The mechanism of intestinal absorption of an antimicrobial agent, fosfomycin (FOM), was investigated in rats using small intestinal brush-border membrane vesicles (BBMV). The uptake of [³H]FOM by BBMV was osmolarity- and temperature-sensitive and showed apparently saturable uptake kinetics consistent with the Michaelis-Menten equation, having K_t = 15.3 mM and J_max = 7.78 nmol/30 s/mg protein at 37 °C. An overshoot uptake of FOM was observed in the presence of an inwardly directed Na⁺ gradient. The replacement of extra vesicular Na⁺ with choline or mannitol significantly reduced the uptake.
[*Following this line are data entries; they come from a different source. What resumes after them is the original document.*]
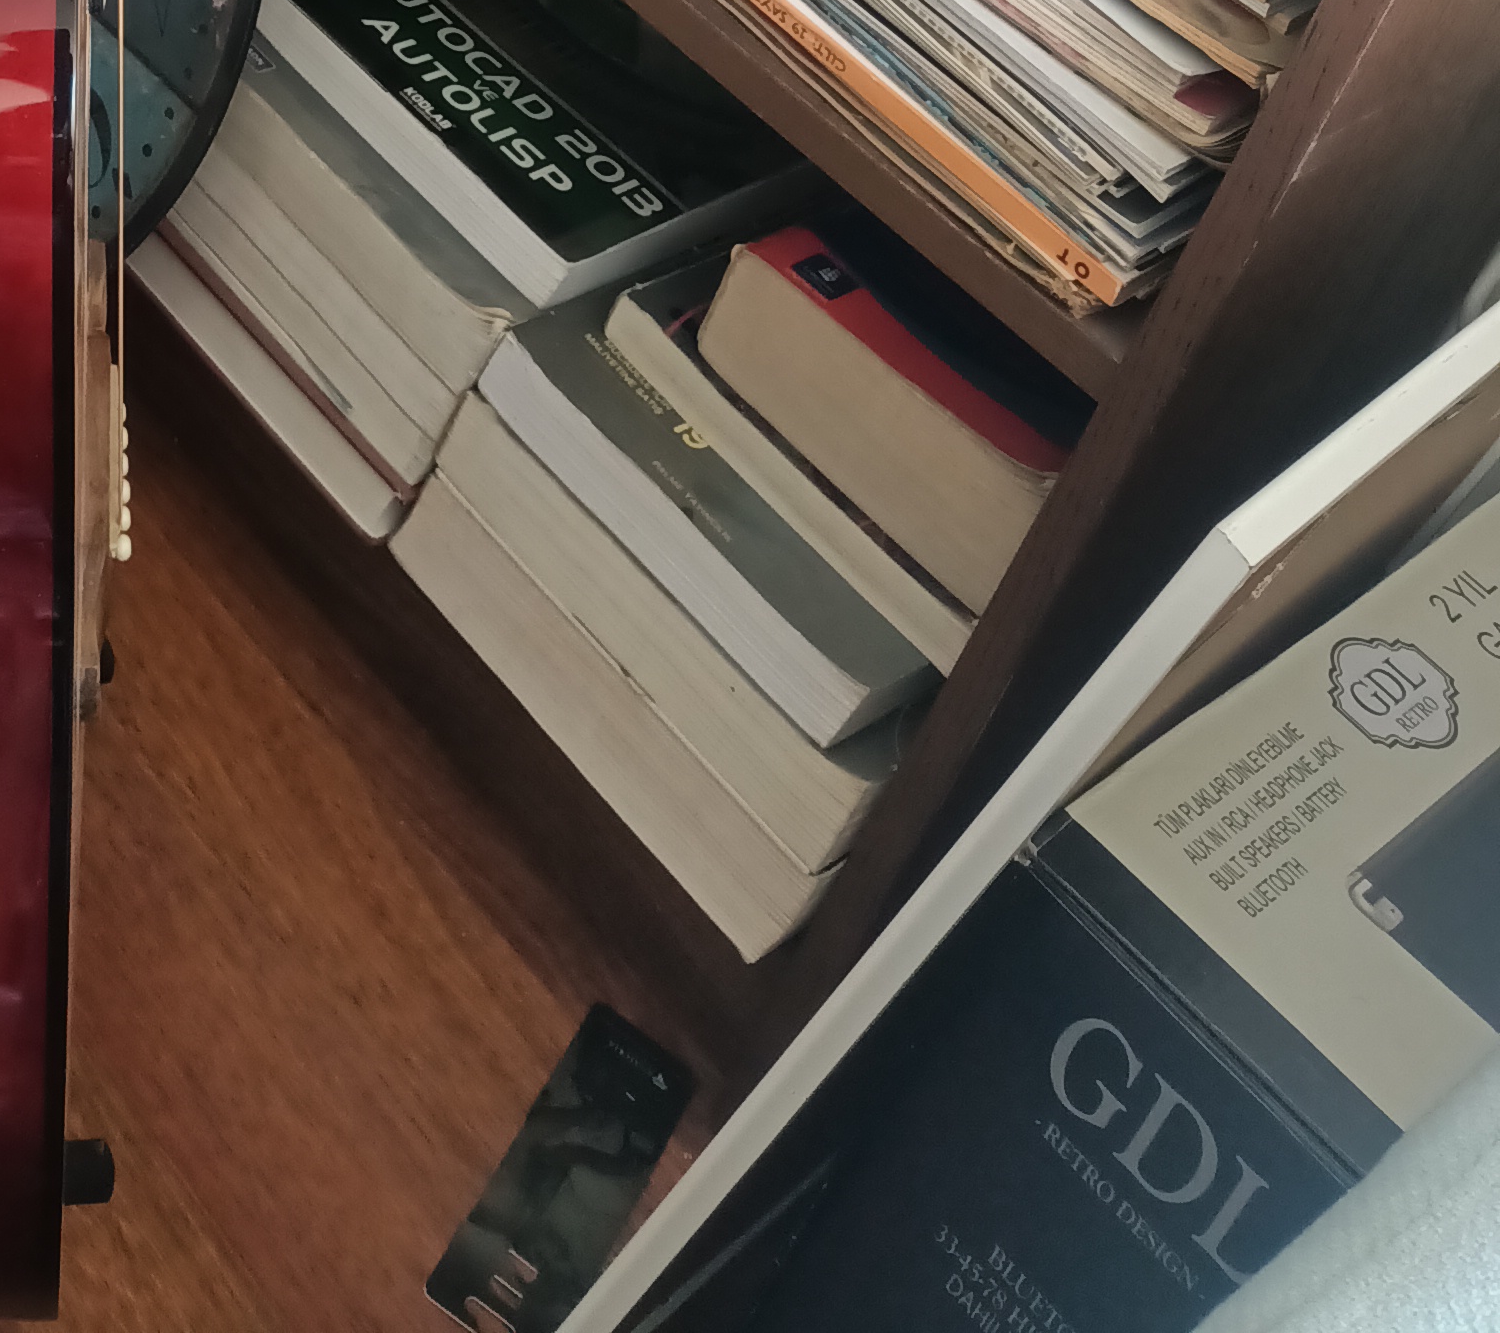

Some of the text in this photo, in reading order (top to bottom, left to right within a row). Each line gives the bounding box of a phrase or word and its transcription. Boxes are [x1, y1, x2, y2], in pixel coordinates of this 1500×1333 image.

[360, 18, 574, 193] AUTOLISP
[402, 86, 453, 131] KODLAB
[471, 79, 500, 103] VE
[553, 128, 665, 218] 2013
[1428, 569, 1499, 624] 2 YIL
[1350, 657, 1427, 717] GDL
[1395, 694, 1440, 734] RETRO
[1225, 721, 1306, 787] DİNLEYEBİLME
[1182, 734, 1346, 867] AUX HEADPHONE JACK
[1208, 776, 1349, 893] BUILT SPEAKERS BATTERY
[1236, 856, 1310, 919] BLUETOOTH
[1050, 1018, 1270, 1284] GDL
[1041, 1122, 1197, 1292] RETRO DESIGN
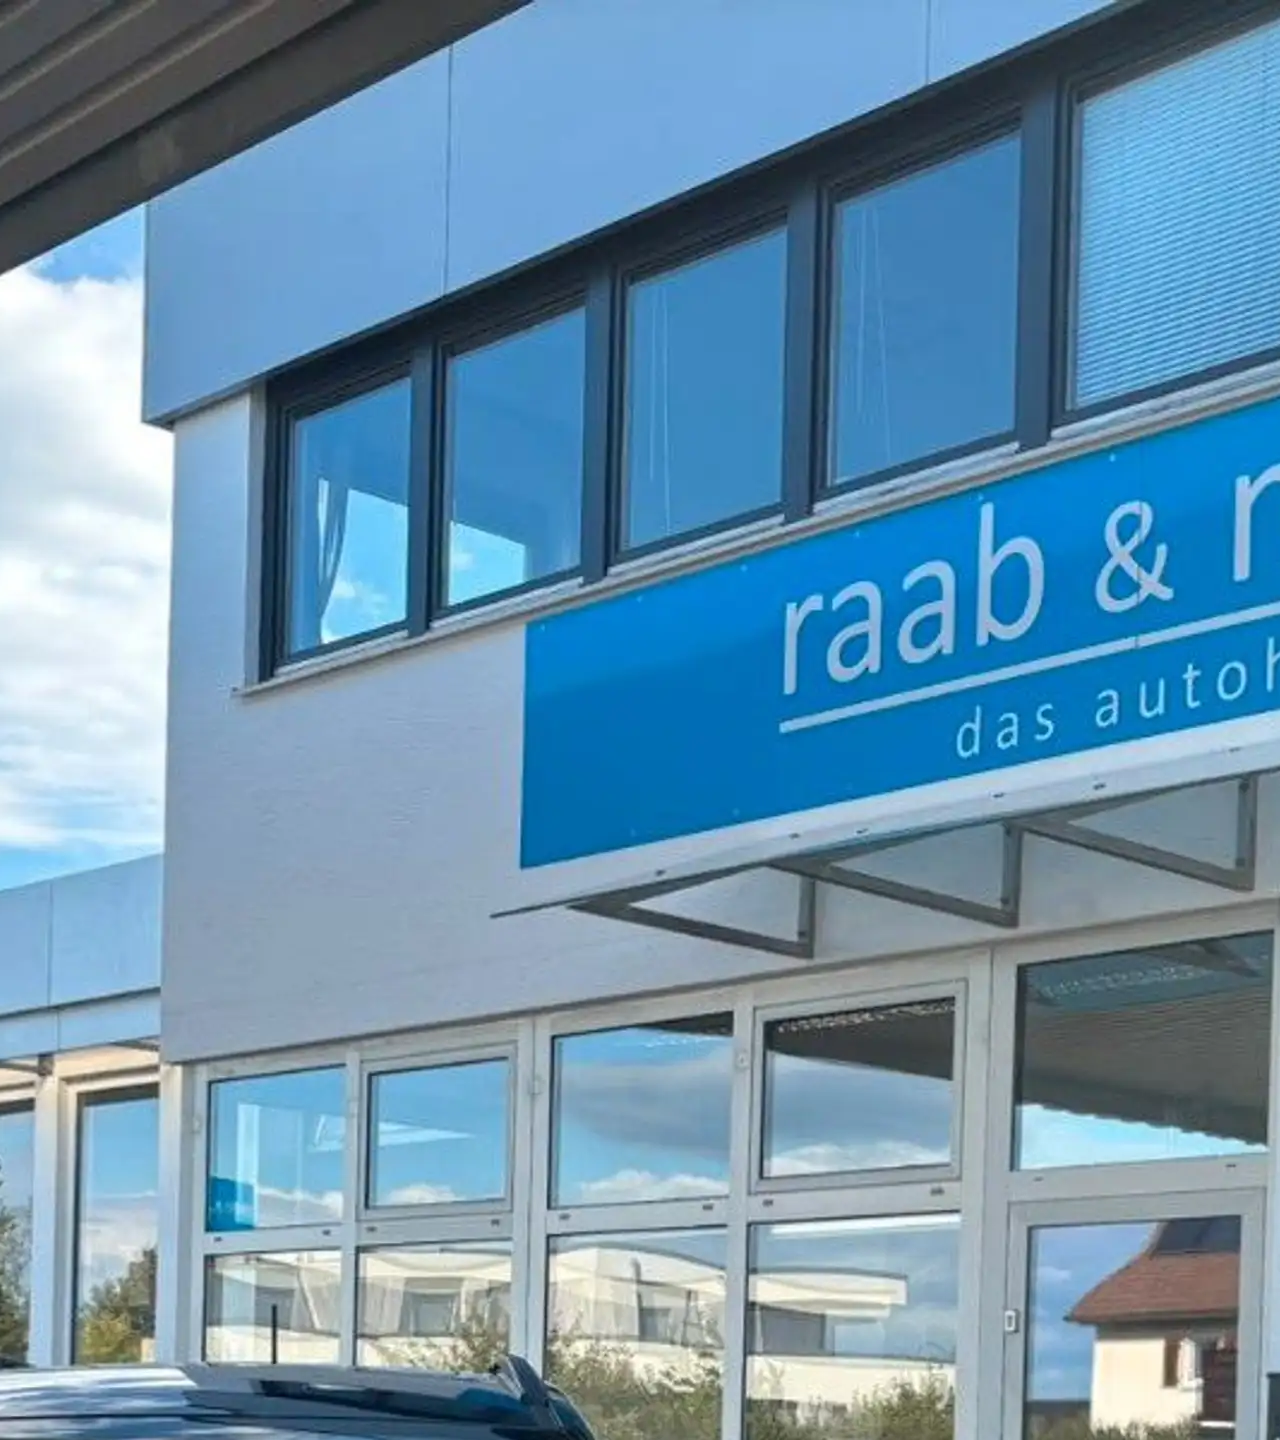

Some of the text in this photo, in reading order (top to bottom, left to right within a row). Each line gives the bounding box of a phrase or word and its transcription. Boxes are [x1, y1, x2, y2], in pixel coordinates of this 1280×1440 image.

[783, 503, 1043, 697] raab
[1096, 500, 1175, 613] &
[957, 694, 1058, 759] das
An addition of a protonophore, FCCP, significantly decreased the initial uptake of FOM in the absence of Na⁺ gradient but in the presence of a H⁺ gradient (pH_in = 7.5, pH_out = 6.0), whereas in the absence of a H⁺ gradient no significant difference was observed between the uptakes at an acidic pH (pH_in = pH_out = 6.0) and a neutral pH (pH_in = pH_out = 7.5). An inside negative potassium diffusion potential induced by valinomycin enhanced significantly the uptake of FOM. The uptake of FOM in the presence of both Na⁺- and H⁺-gradients was significantly inhibited by phosphate, arsenate and phosphonoformic acid (PFA), which are specific inhibitors of phosphate transport, but not by D-glucose. Based on these results, it is concluded that FOM transport in the small intestine is partially shared with the Na⁺-phosphate cotransport system and in part occurs via a H⁺-gradient dependent carrier-mediated system.